Net economy atto secondo - Tecnologie, sviluppo e innovazione
Convegno di apertura SMAU 2001

Il Forum: la Rete italiana risponde e domanda - pag. 1
Aggiornamento 18.10.01

7. ALCEI - Contributo al Forum di InterLex per SMAU 2001

Questo documento evidenzia, pur sommariamente, quanto la legislazione italiana sul diritto delle tecnologie dell'informazione, farraginosa ed "interessata", possa avere costituito una gravissima limitazione dei diritti individuali oltre che un notevole fattore frenante nello sviluppo della net economy nel nostro paese.
Ovviamente il tema è molto ampio e complesso, per cui sintetizziamo qui di seguito soltanto le vicende più eclatanti, restando a disposizione di chiunque volesse approfondire gli argomenti trattati.

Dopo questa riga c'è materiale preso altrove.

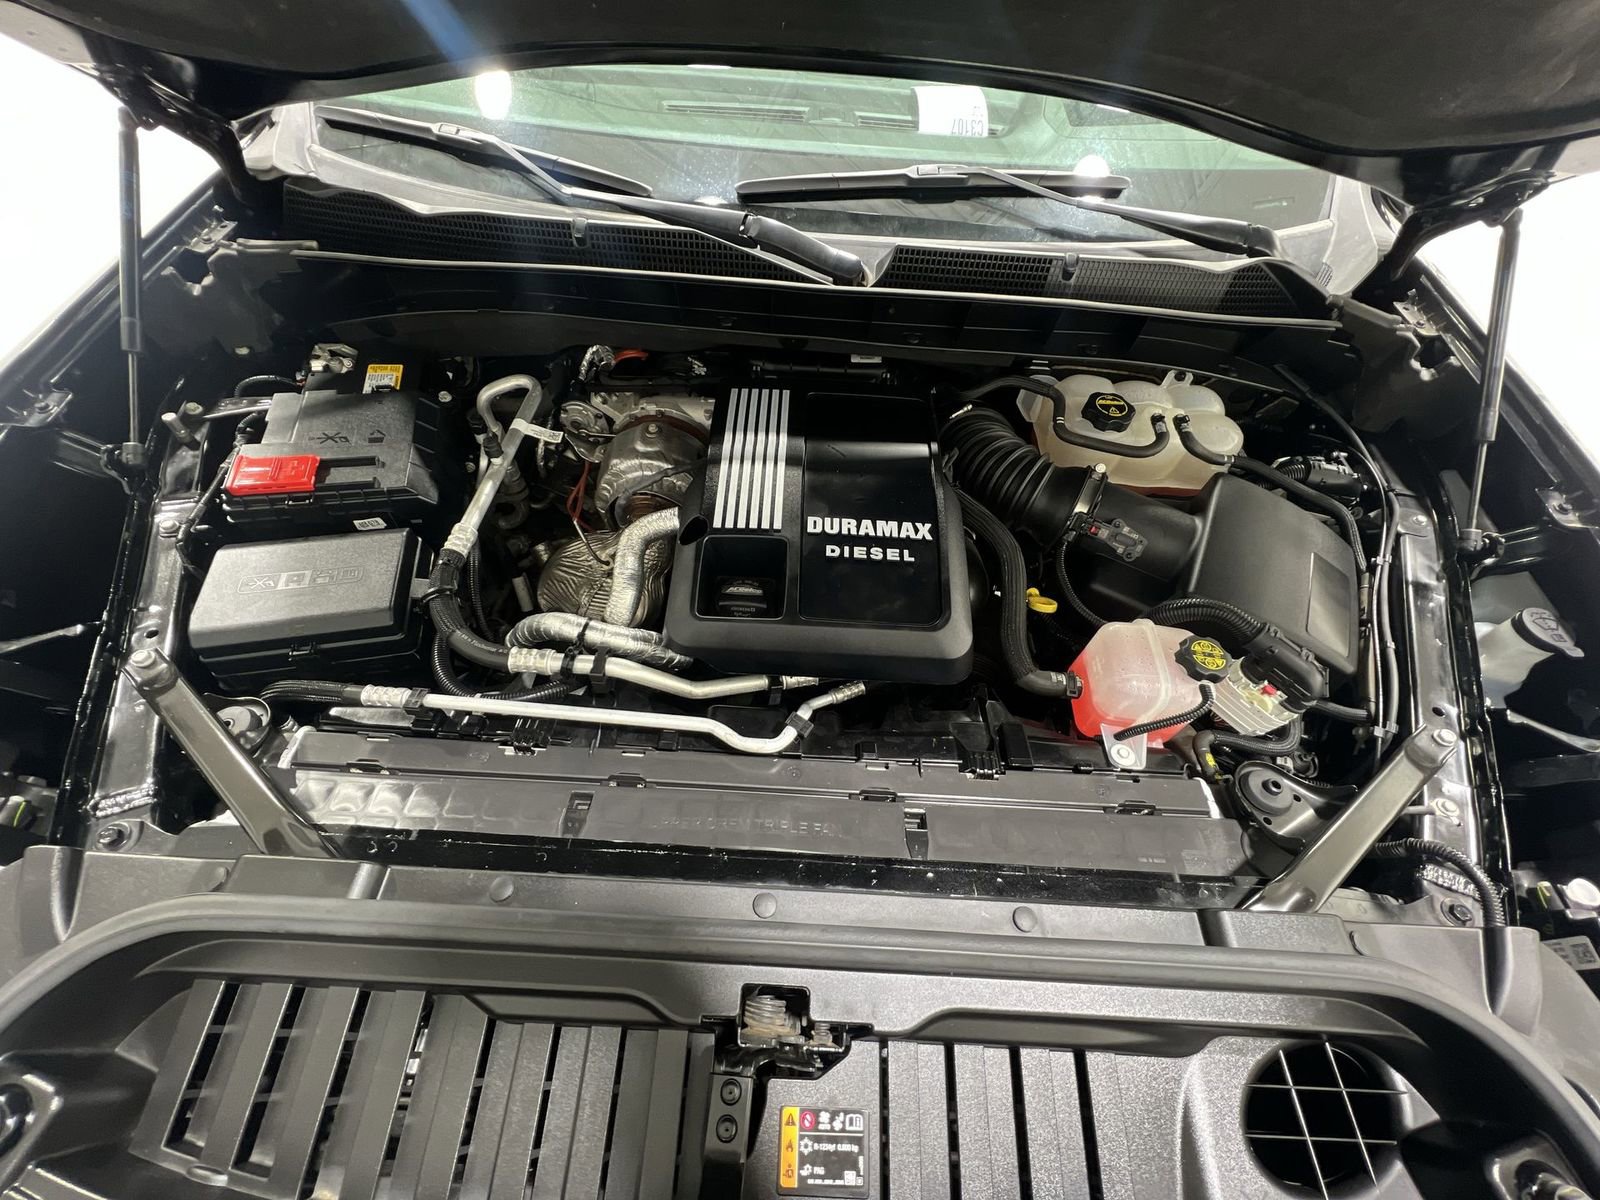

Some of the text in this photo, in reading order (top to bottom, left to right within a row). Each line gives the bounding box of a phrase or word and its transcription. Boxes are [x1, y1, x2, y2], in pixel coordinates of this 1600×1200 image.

1 - Recepimento della direttiva 90/388 nel d.lgs.103/95
Questo decreto legislativo istituiva - nell'ambito della liberalizzazione un duplice regime (autorizzatorio e "notificatorio") per i fornitori di servizi di telecomunicazioni, a seconda che li offrissero tramite connettività dedicata o commutata. Per anni e non ostante le richieste degli operatori, il dicastero competente ha evitato di fornire una interpretazione volta ad inquadrare l'internet in uno schema o nell'altro. Mentre nello stesso tempo gli accertatori hanno sposato una interpretazione sbagliata e ampiamente criticata dagli esperti del settore. Il risultato è stato una raffica di procedimenti con sanzioni anche molto gravose, che hanno messo a rischio la sopravvivenza di un elevatissimo numero di imprese operanti nel settore dell'internet. Solo la creazione di un orientamento giurisprudenziale compattamente contrario (cioè grazie a "capri espiatori" che hanno dovuto subire processi) ha sconfessato l'orientamento più vessatorio non ufficialmente accettato dal Ministero delle comunicazioni.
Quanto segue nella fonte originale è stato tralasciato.